Suddenly our face looks like a linen skirt we’ve been sitting on in ninety-degree weather for hours.

We tell ourselves it’s the mirror and it’s overblown. Our face doesn’t look like this. Where once my face looked like the Sea of Tranquility it now looks like a crater where a meteor landed. 

So suddenly mirrors present an existential crisis. Do we stop looking in mirrors altogether?

I guess one could live that way. Just make sure if you have spinach for dinner you make someone check your teeth afterward.

Or we could look into a regular mirror and risk putting our eyeshadow on our lips by accident.

Or we could bite the bullet and buy a magnifying mirror. I suppose, the size would depend on how big a masochist one is.

The ten would have to be for those who wish to truly punish themselves.

Maybe a four-times or so might work to at least ensure your make up actually lands on your face.

I have nothing against mirrors, well I kinda do, but it’s not their fault.

I need to go mano a mano with that creep Father Time. I have a feeling he’s hiding inside some women’s wrinkles who avoids mirrors on purpose.
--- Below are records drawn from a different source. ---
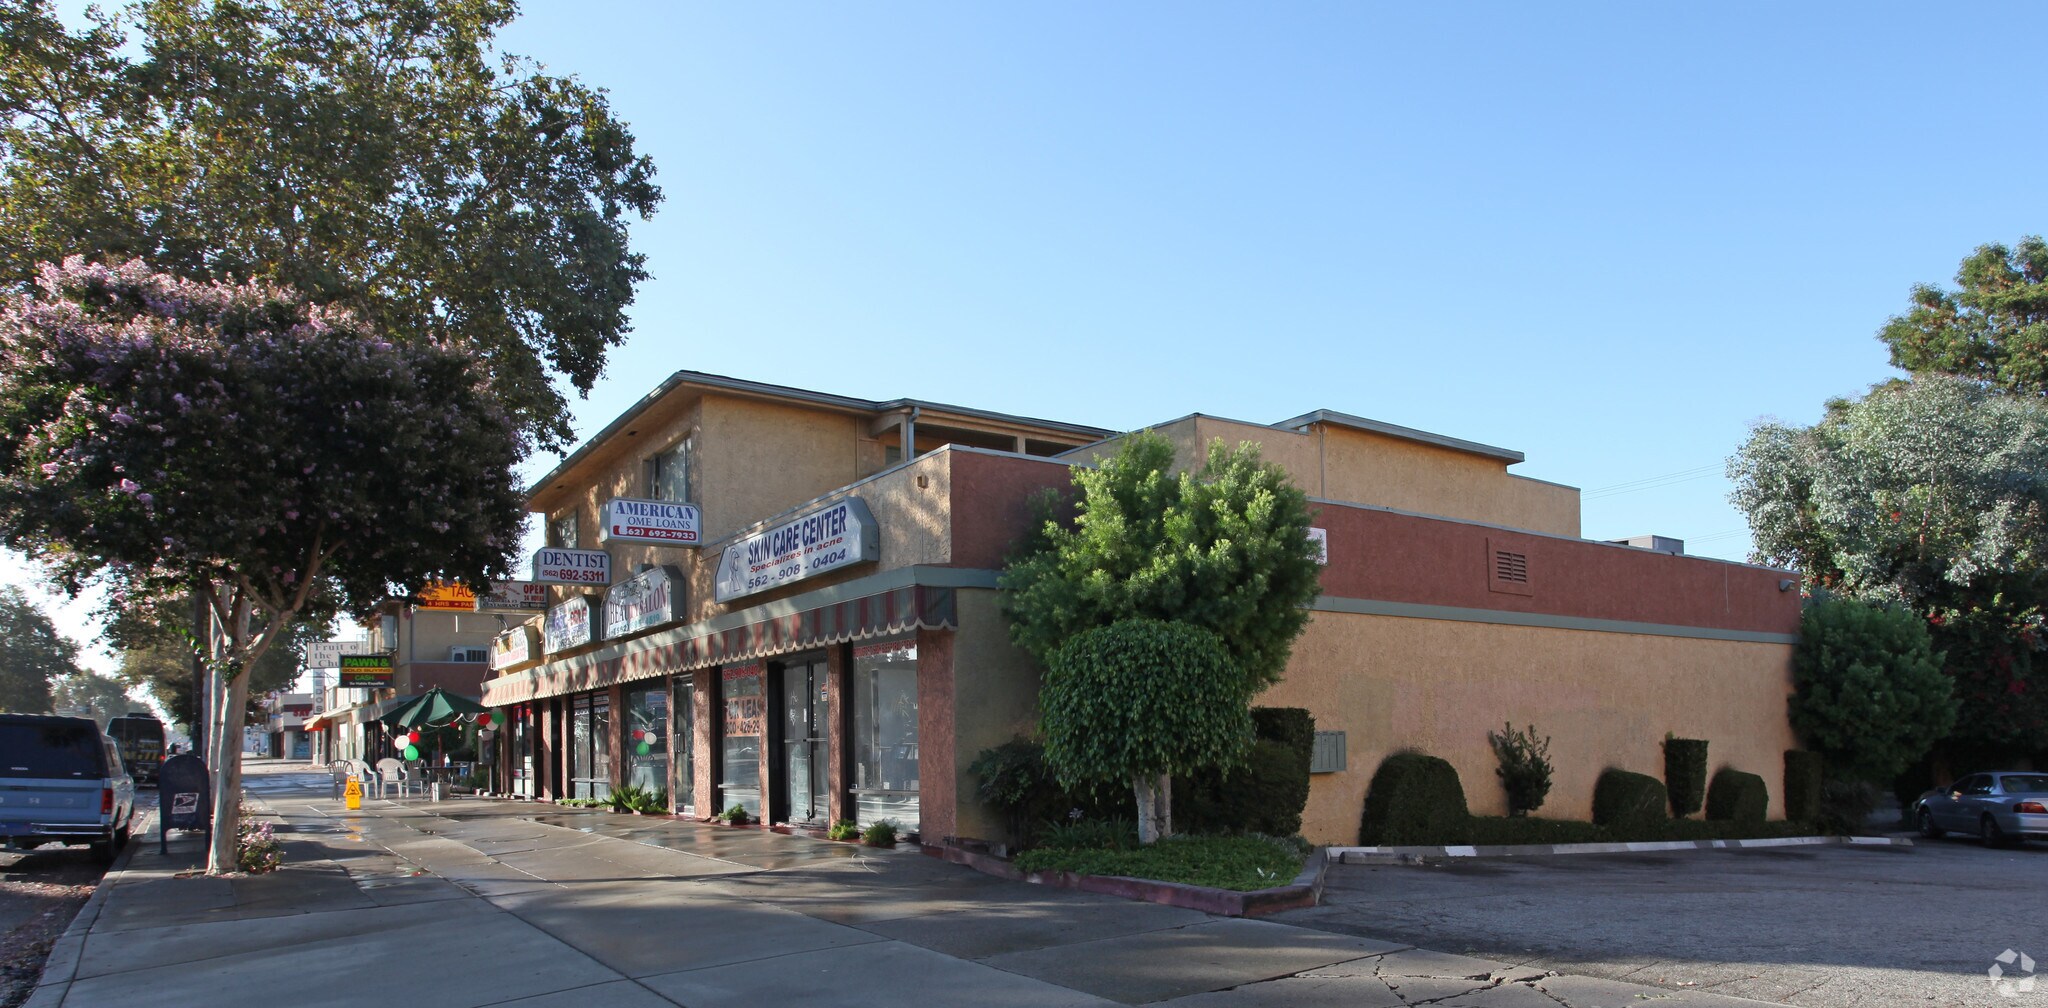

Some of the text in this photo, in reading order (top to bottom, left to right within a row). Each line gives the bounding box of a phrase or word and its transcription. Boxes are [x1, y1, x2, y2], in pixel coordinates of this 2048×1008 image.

[615, 501, 694, 520] AMERICAN
[656, 518, 691, 530] LOANS
[648, 530, 695, 540] 692-7933
[748, 505, 847, 566] SKIN CARE CENTER
[543, 551, 607, 569] DENTIST
[750, 536, 843, 573] Specializes in acne
[748, 574, 768, 589] 562
[778, 563, 801, 581] 908
[812, 548, 847, 569] 0404
[542, 569, 605, 582] (562) 692-5311
[523, 584, 545, 595] OPEN
[639, 582, 667, 616] SALON
[315, 643, 344, 651] Fruit
[314, 651, 332, 659] the
[344, 658, 389, 667] PAWN &
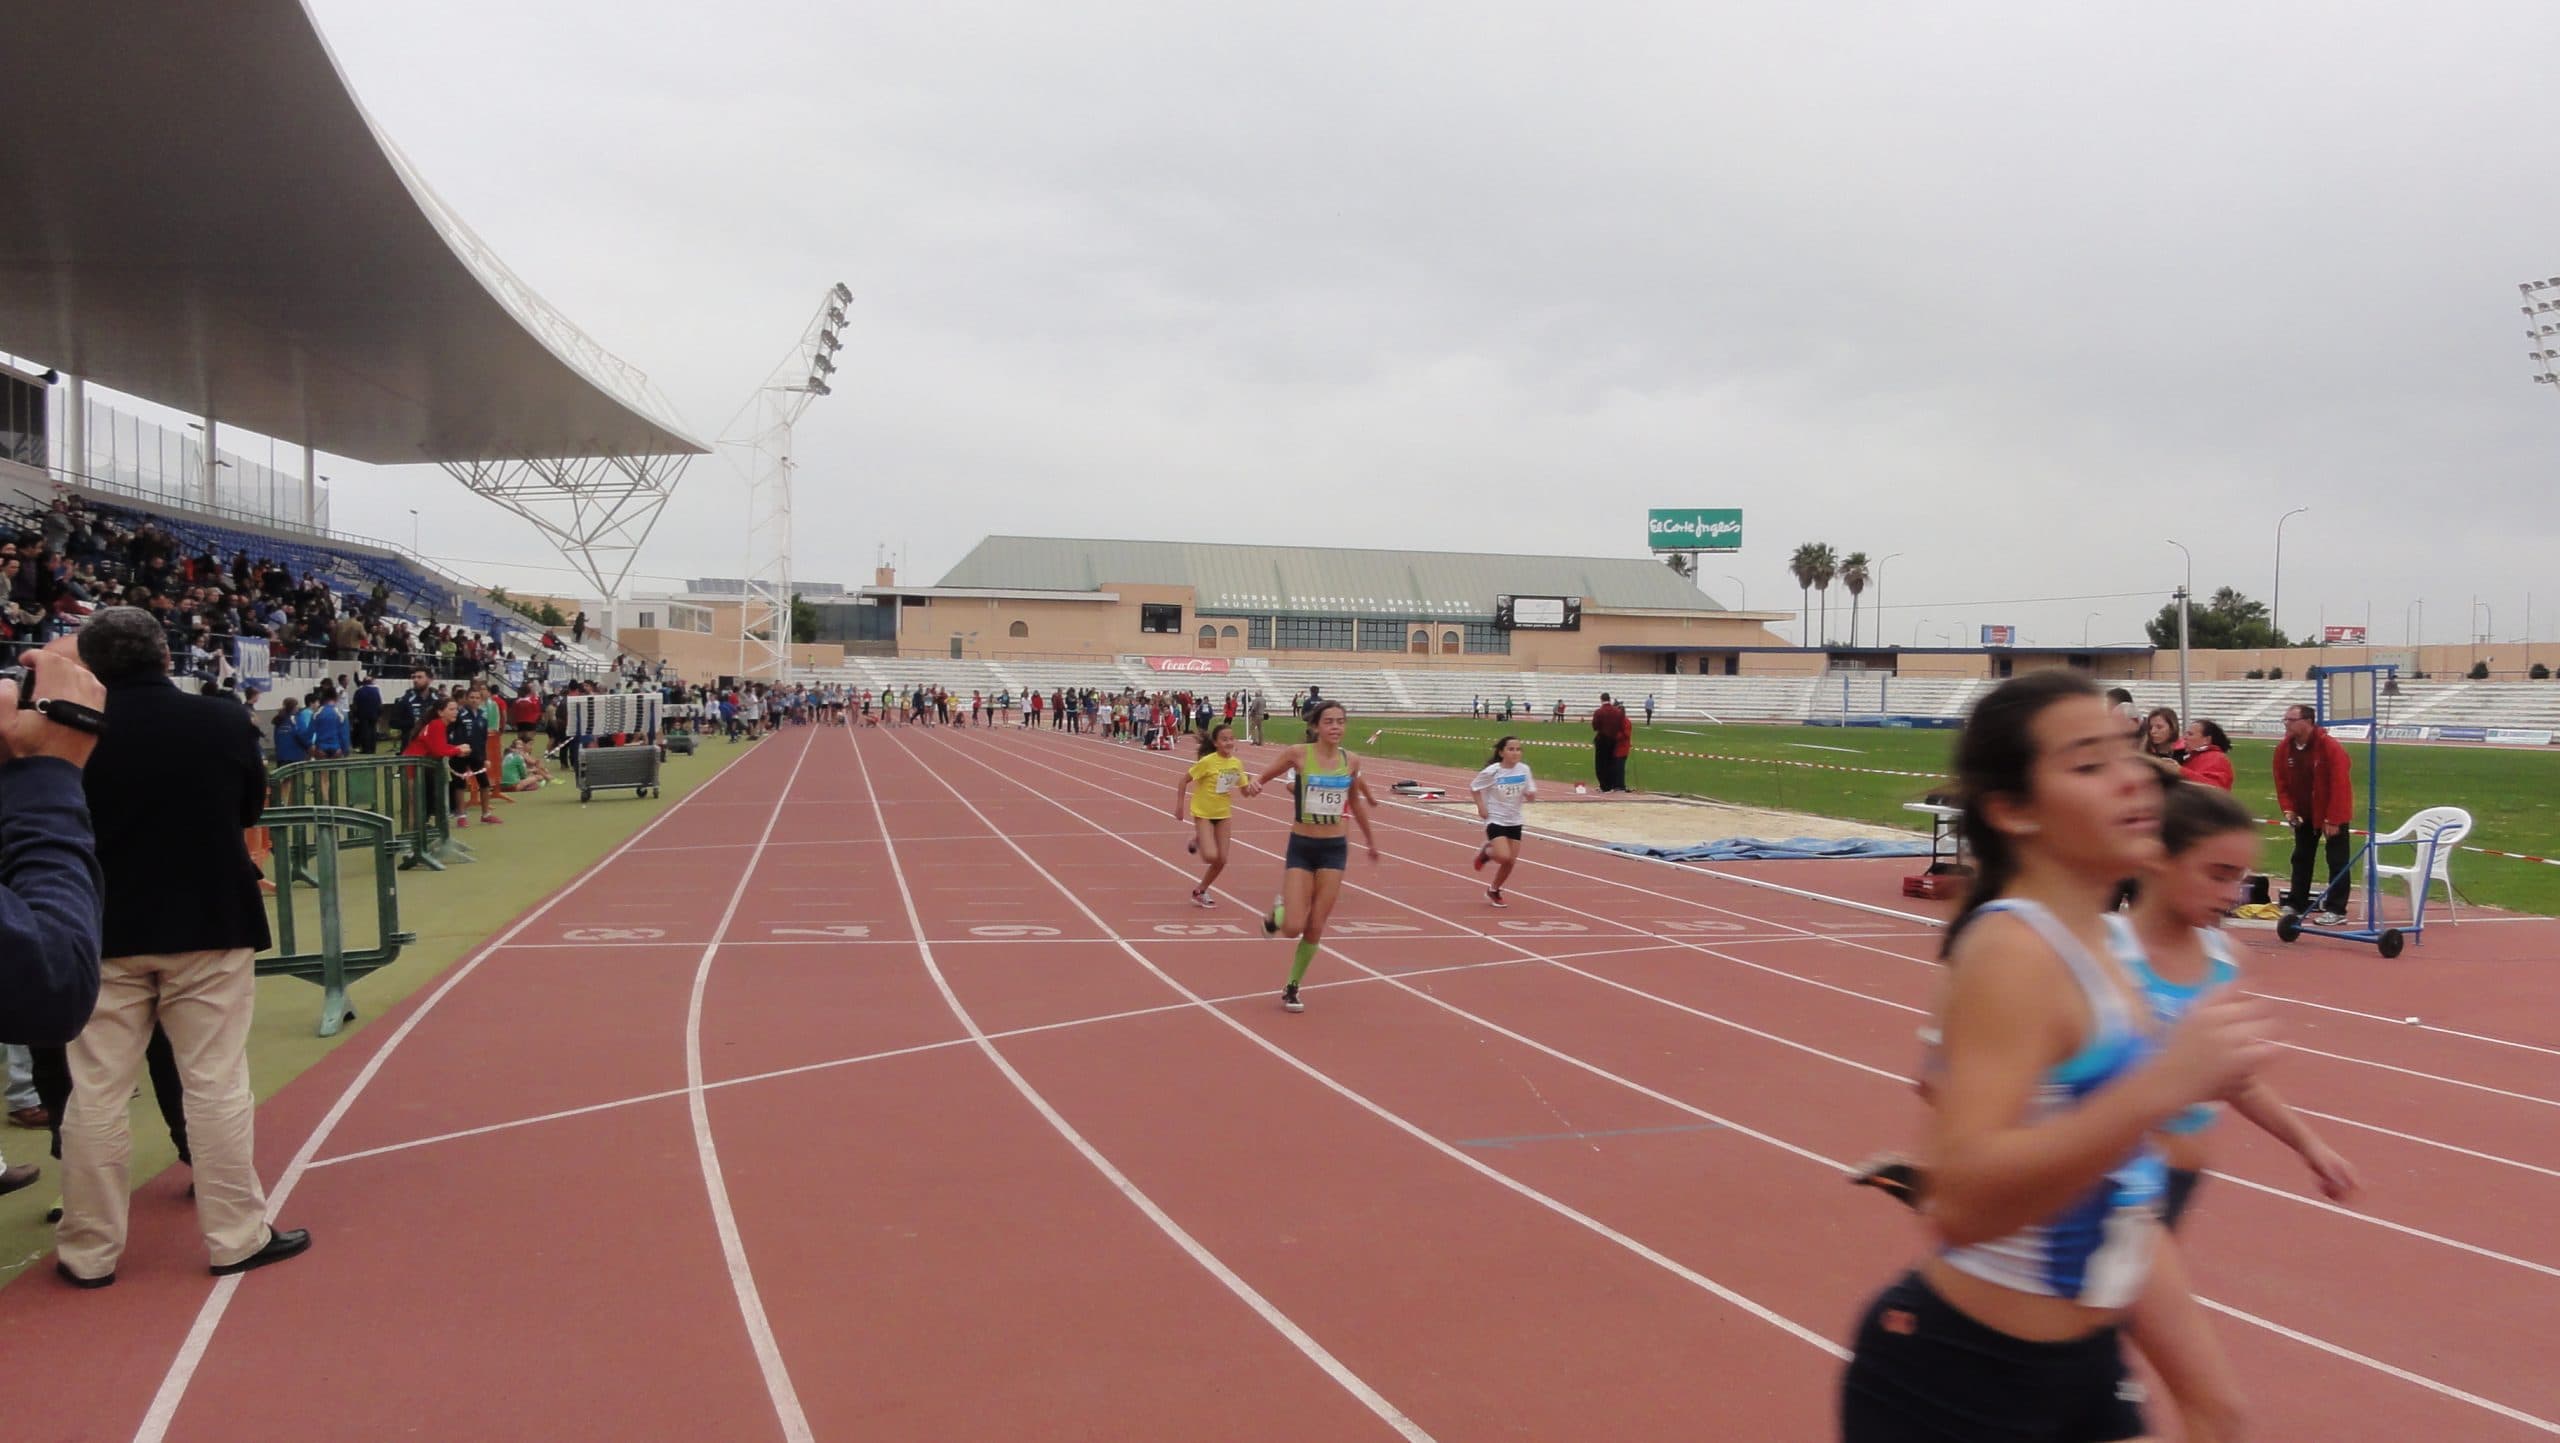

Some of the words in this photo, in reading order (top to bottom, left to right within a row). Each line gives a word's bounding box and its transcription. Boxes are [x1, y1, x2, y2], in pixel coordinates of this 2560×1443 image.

[1650, 520, 1662, 533] El
[1664, 519, 1695, 533] Corte
[1221, 593, 1277, 601] CIUDAD
[1320, 792, 1342, 804] 163
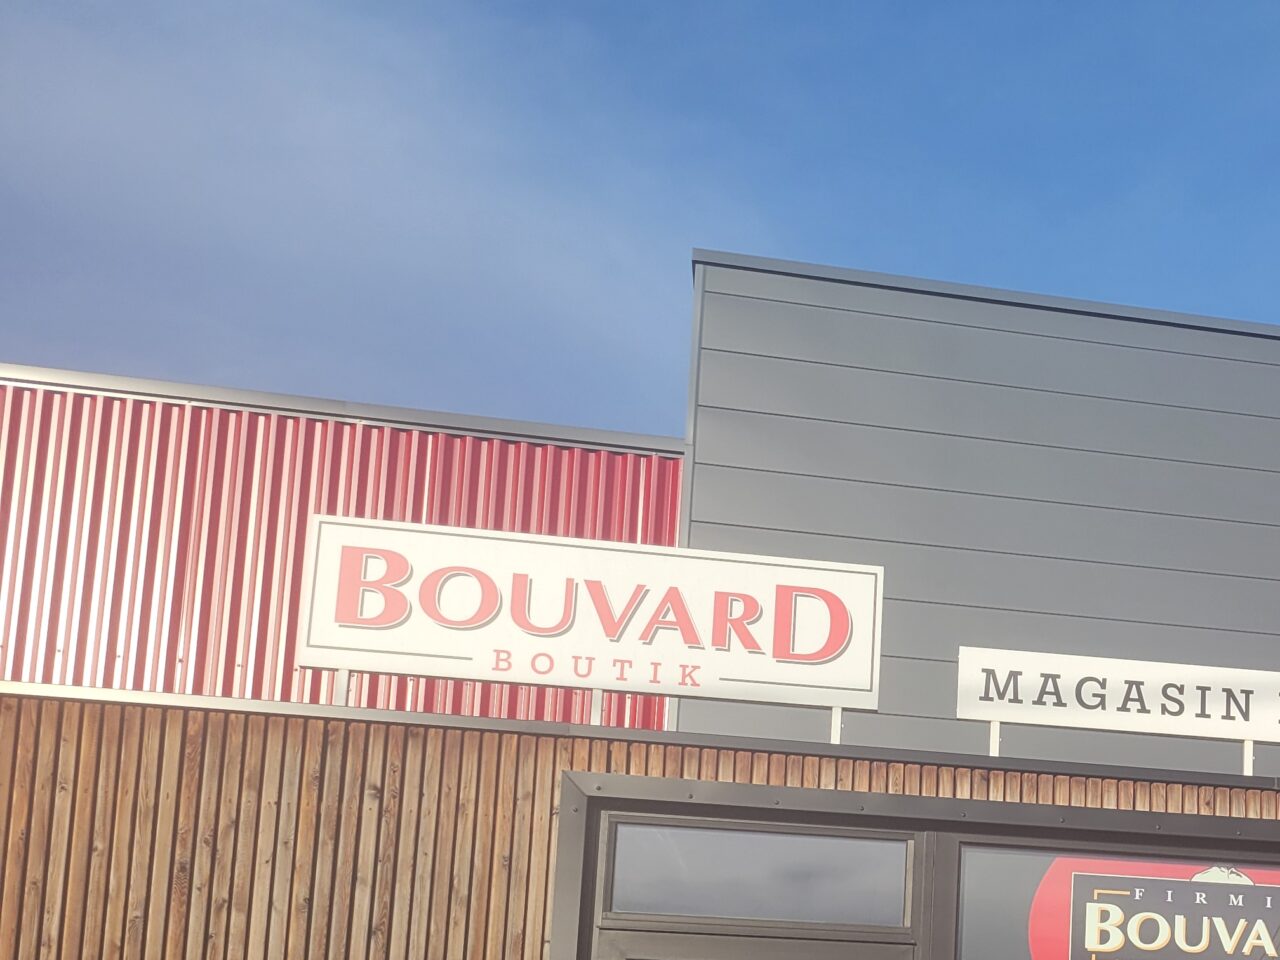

Just wait, you old evil creep till I get my hands on you. I‘ll do such a job on your face, you’ll never be able to look into a mirror again. And then maybe you’ll know how we feel.

Easy Southwestern Salad

This is an easy salad to make and incredibly filling and tasty. It also makes enough to feed a family and most ingredients are already in your pantry or fridge. Enjoy!

I head of lettuce cut up or torn

I tomato cut up

2 fresh avocados 

4 strips of bacon cooked and then cut up

3 hard boiled eggs

1 cup of sweet corn

2 radishes sliced thin

1 heaping cup of shredded Mexican Cheese

tortilla chips or garlic croutons

taco seasoning

salt and pepper to taste

1 /2 cup of mayo

14/ cup of sour cream,

½ teaspoon of cilantro

one lime freshly squeezed or 1 teaspoon of lime juice

Lime Dressing

In a bowl add sour cream, mayo and lime juice with a ½ teaspoon of cilantro and a light sprinkling of salt. Mix until smooth and everything is incorporated. Refrigerate until salad is done.

Salad

Hard boil the eggs and peel and let cool then slice. Cook bacon until crispy and then cut up the lettuce and tomato. 

Place everything but the avocado and tortilla chips or garlic croutons into a large salad bowl and season to taste. Taste as you go as this should be a salad that highlights the fresh ingredients not the seasonings.

Toss lightly with salad dressing then peel and cut up avocados and add to salad. Add chips or croutons just before serving so they remain crispy. 

This salad can be adjusted to taste every easily. If you like salsa you can add it to the dressing it will taste great.  If you want to add shrimp or chicken or steak go for it!